HOW TO COMPLETE THIS TASK - Reproduce the records that follow exactly; any picture among them stays out.

INPUT FOR THIS TASK -

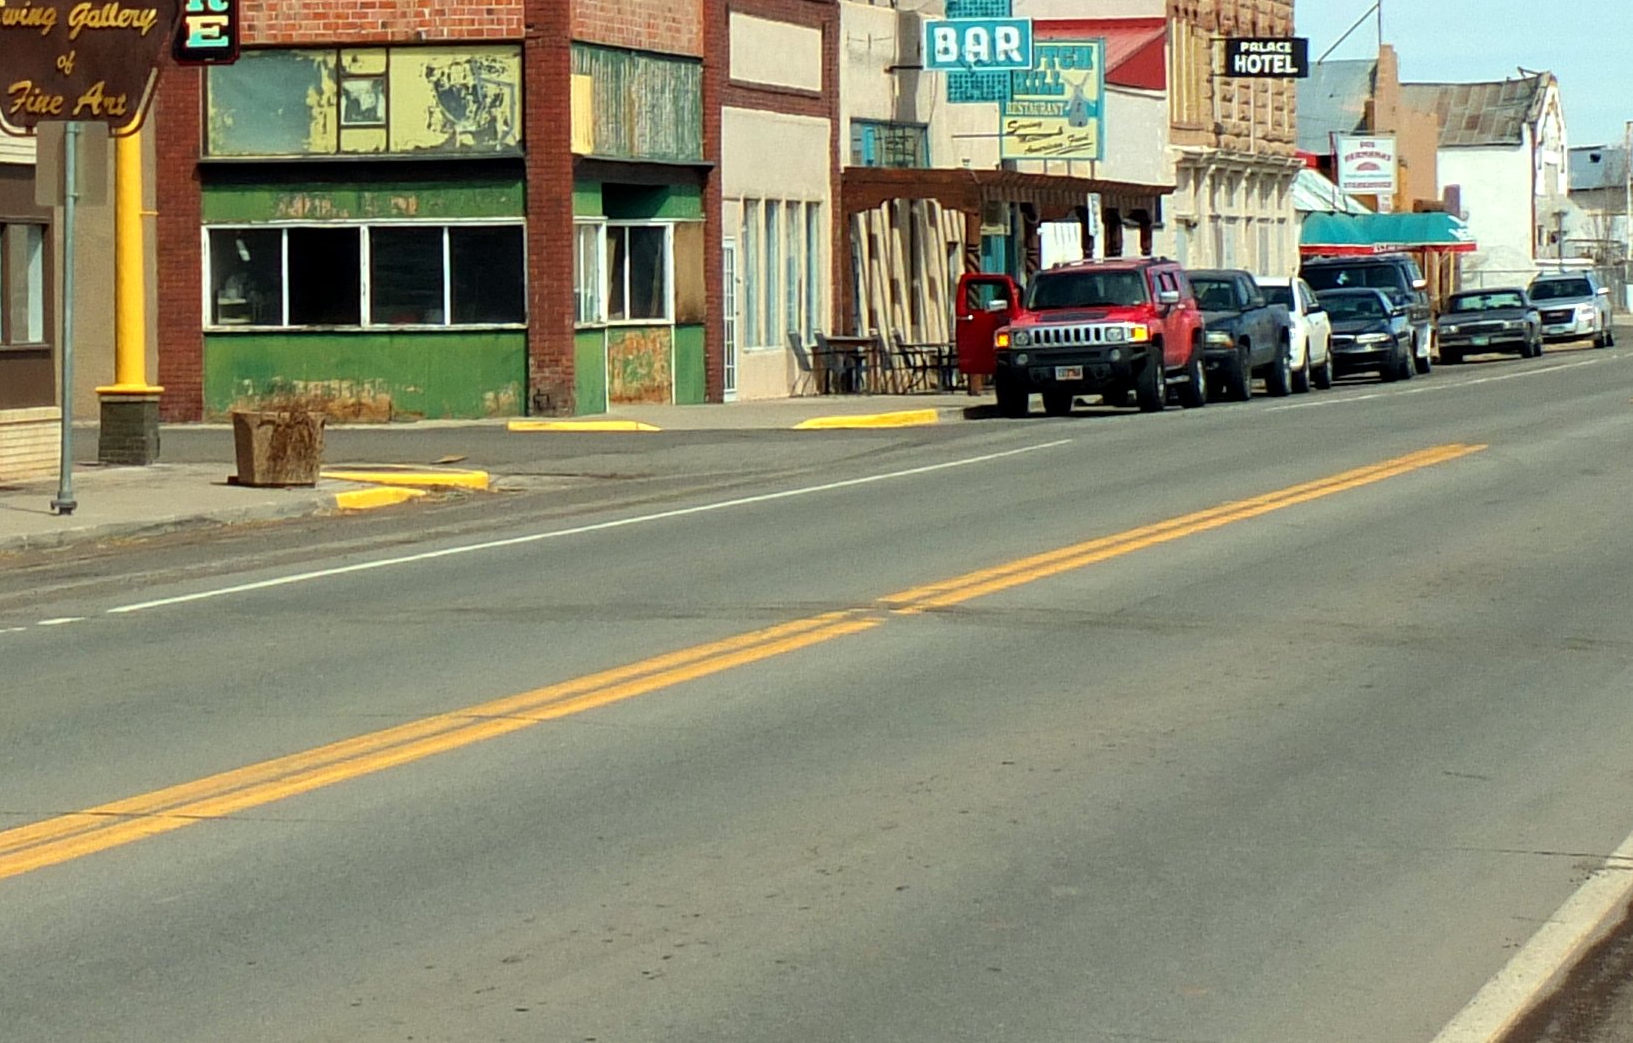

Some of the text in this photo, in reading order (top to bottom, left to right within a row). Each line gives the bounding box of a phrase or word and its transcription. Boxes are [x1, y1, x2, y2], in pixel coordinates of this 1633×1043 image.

[68, 1, 158, 40] Gallery
[932, 25, 1024, 63] BAR
[1240, 41, 1292, 53] PALACE
[57, 49, 74, 74] of
[1234, 54, 1298, 73] HOTEL
[7, 80, 127, 117] Fine Art
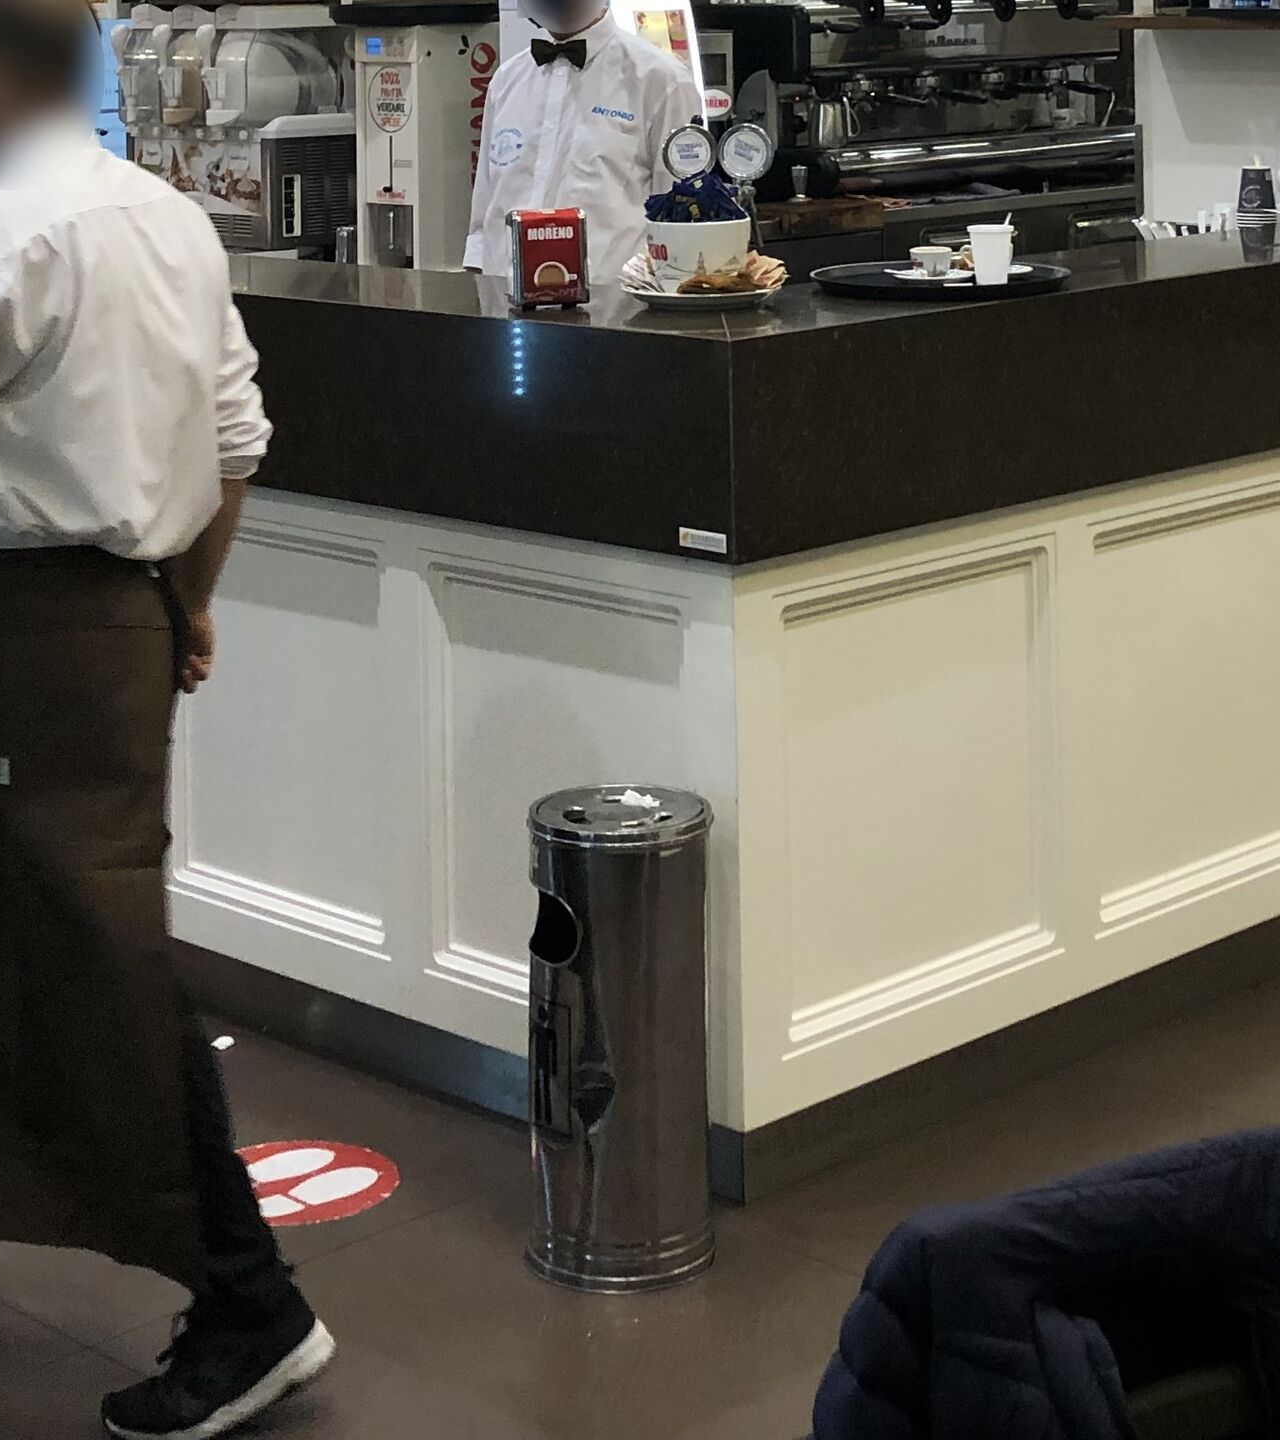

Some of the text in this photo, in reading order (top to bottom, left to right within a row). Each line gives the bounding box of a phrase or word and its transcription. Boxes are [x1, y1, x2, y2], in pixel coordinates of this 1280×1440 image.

[379, 71, 400, 86] 100%
[705, 98, 729, 109] RENO
[591, 105, 635, 122] ANTONIO
[527, 226, 574, 241] MORENO
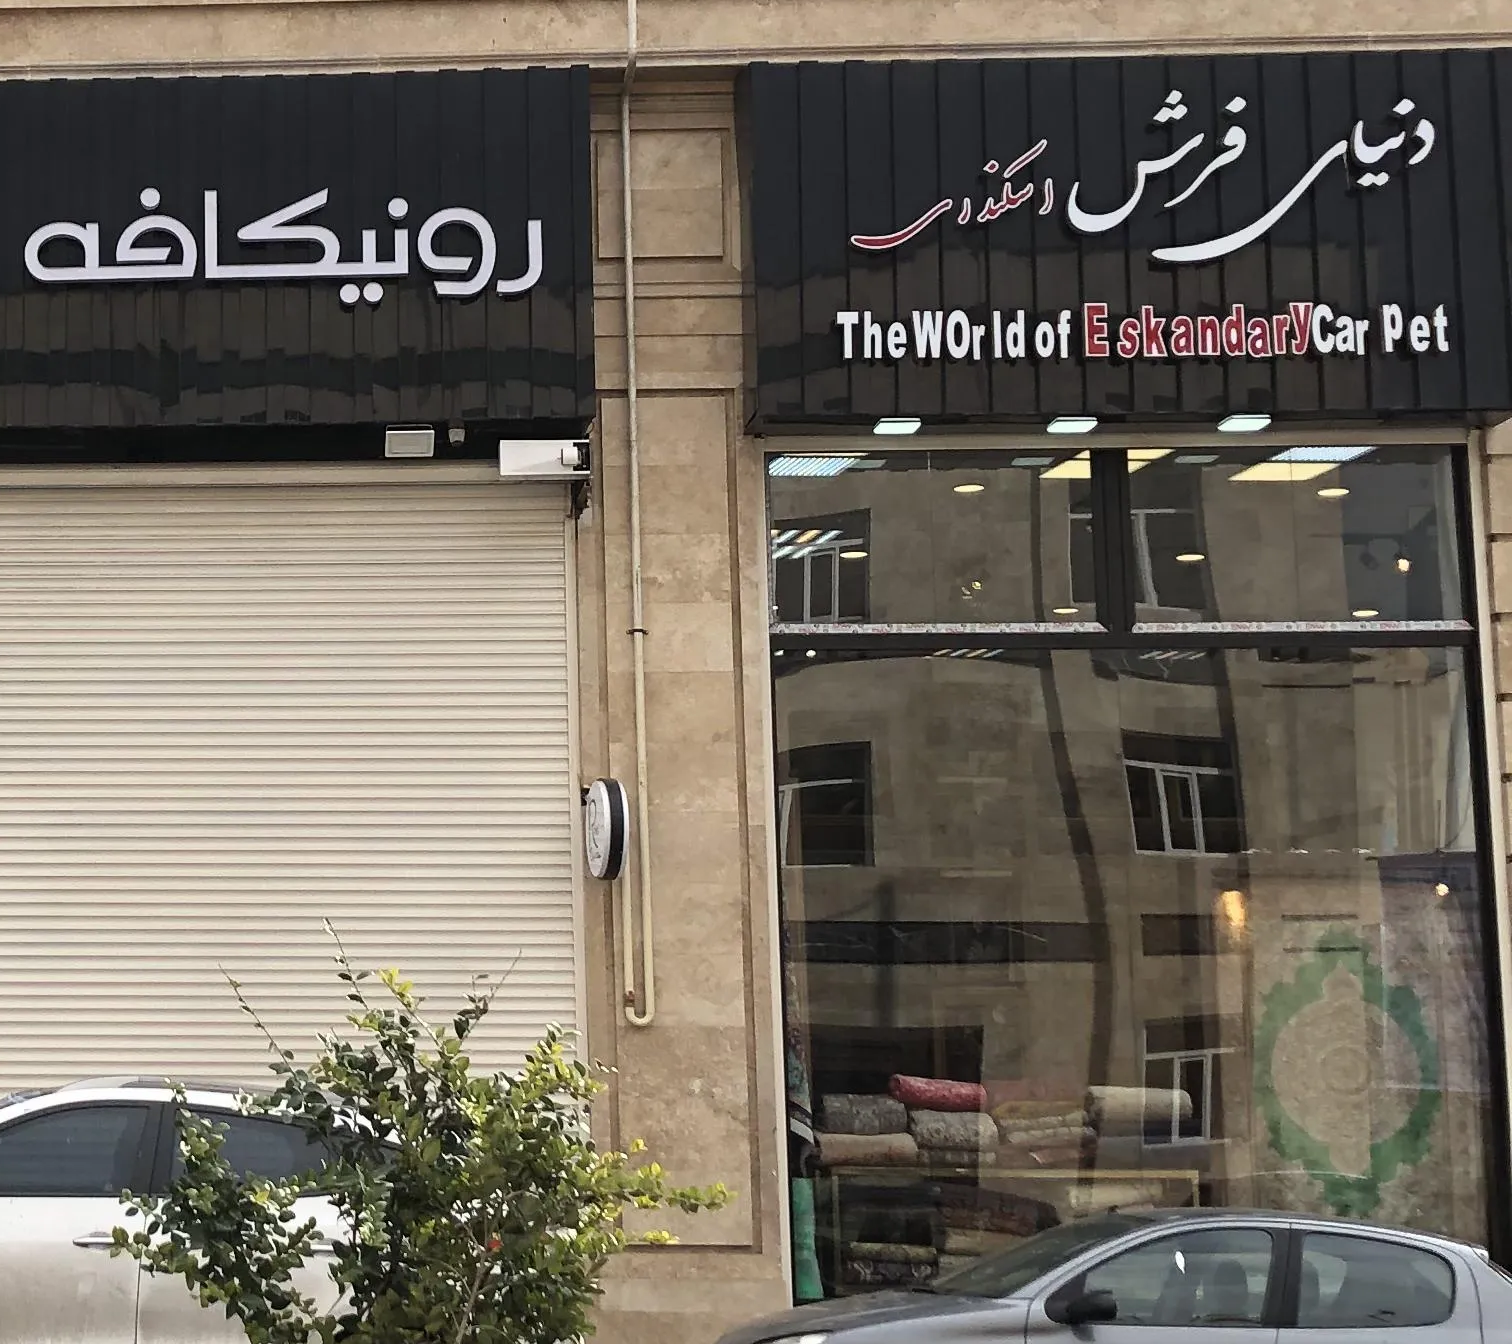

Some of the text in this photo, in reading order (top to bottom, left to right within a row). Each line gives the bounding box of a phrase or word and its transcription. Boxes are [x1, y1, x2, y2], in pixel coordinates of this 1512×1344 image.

SOLUTION FOR THIS EXERCISE -
Some of the text in this photo, in reading order (top to bottom, left to right within a row). Each line gives the bounding box of a phrase or word and its transcription. Boxes are [x1, y1, x2, y2], in pixel coordinates of this 1633×1043 image.

[68, 1, 158, 40] Gallery
[932, 25, 1024, 63] BAR
[1240, 41, 1292, 53] PALACE
[57, 49, 74, 74] of
[1234, 54, 1298, 73] HOTEL
[7, 80, 127, 117] Fine Art

Some of the text in this photo, in reading order (top to bottom, left to right within a row). Each line gives the bounding box of a phrase or word and its transcription. Boxes are [x1, y1, x2, y2], in pixel coordinates of this 1280×1440 image.

[379, 71, 400, 86] 100%
[705, 98, 729, 109] RENO
[591, 105, 635, 122] ANTONIO
[527, 226, 574, 241] MORENO

Some of the text in this photo, in reading order (top to bottom, left to right within a row). Each line gives the bounding box of a phrase or word and its transcription. Boxes are [x1, y1, x2, y2], in pixel coordinates of this 1512×1344 image.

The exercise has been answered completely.